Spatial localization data
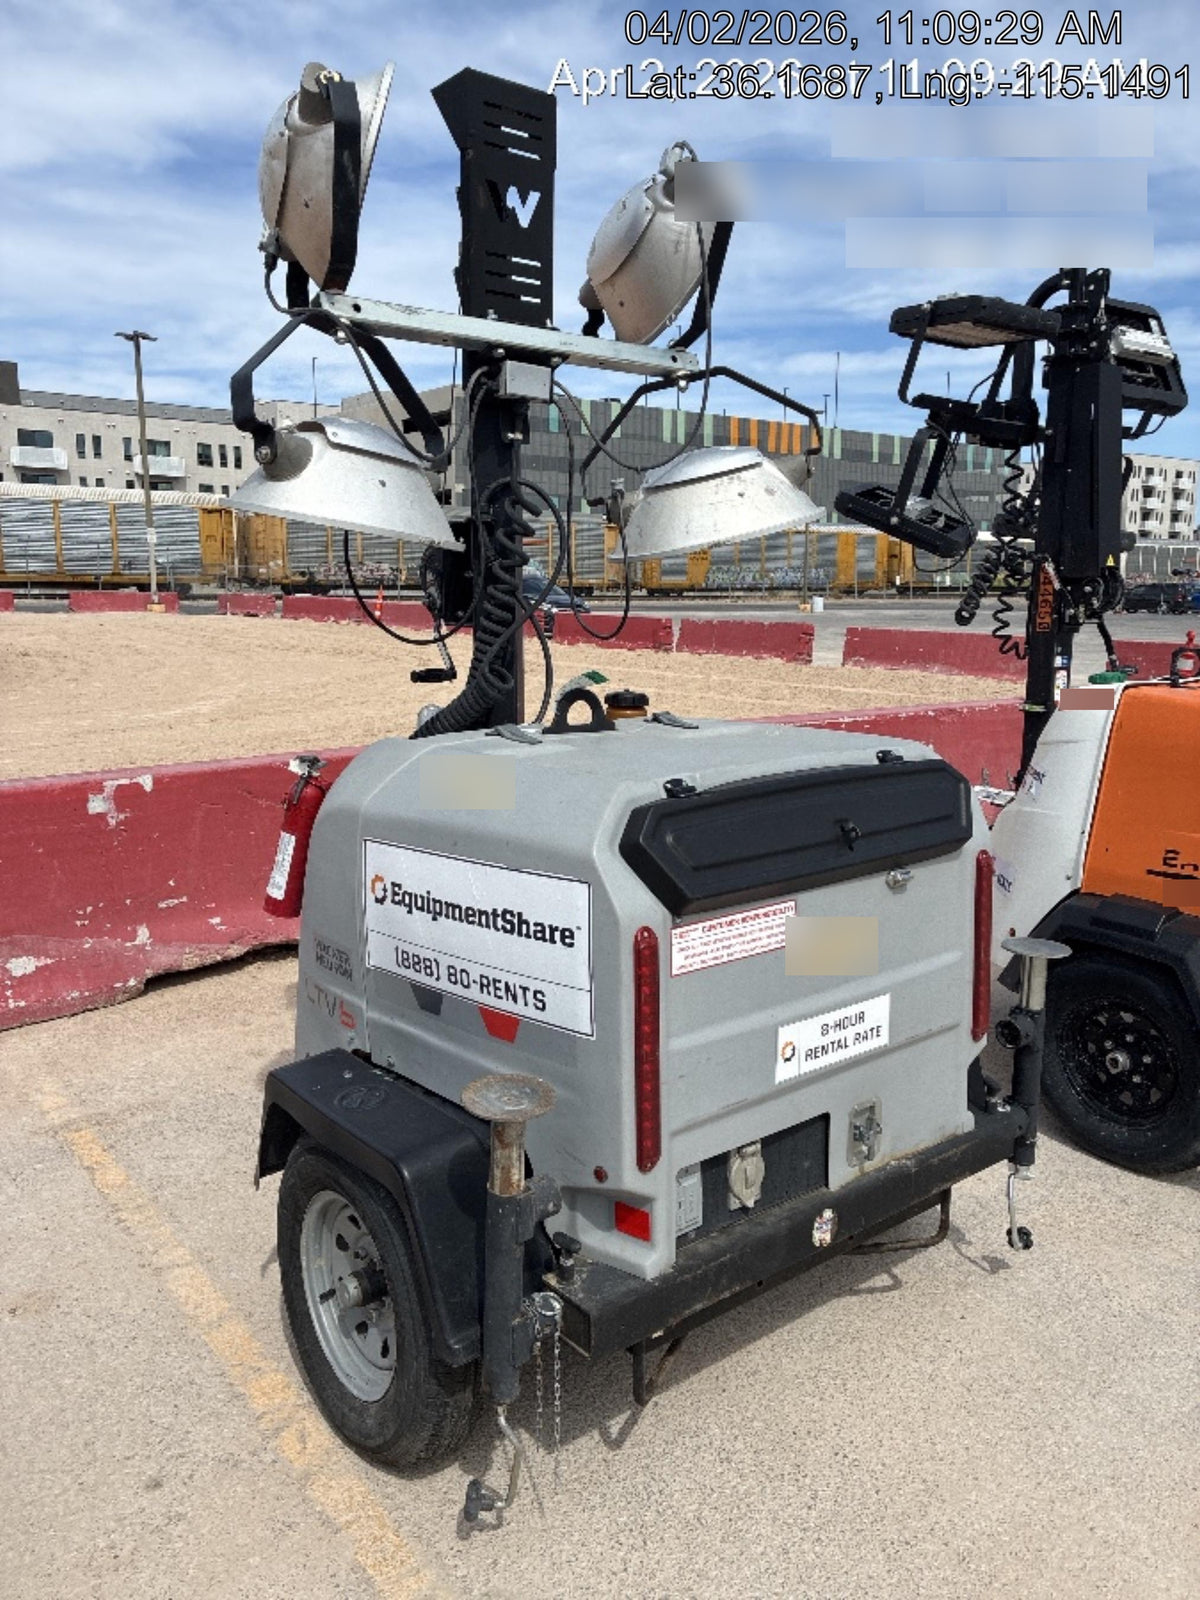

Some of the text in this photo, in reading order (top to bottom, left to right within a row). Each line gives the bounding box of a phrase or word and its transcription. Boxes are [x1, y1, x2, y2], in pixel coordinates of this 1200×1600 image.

[390, 881, 576, 948] EquipmentShare
[395, 946, 547, 1012] (888) 80-RENTS
[804, 1025, 882, 1062] RENTAL RATE
[821, 1011, 865, 1037] 8-HOUR

> [Activity]
Apart from the pictures, every line above must be printed exactly.

> [Exercise solution]
Some of the text in this photo, in reading order (top to bottom, left to right within a row). Each line gives the bounding box of a phrase or word and its transcription. Boxes are [x1, y1, x2, y2], in pixel coordinates of this 1200×1600 image.

[390, 881, 576, 948] EquipmentShare
[395, 946, 547, 1012] (888) 80-RENTS
[804, 1025, 882, 1062] RENTAL RATE
[821, 1011, 865, 1037] 8-HOUR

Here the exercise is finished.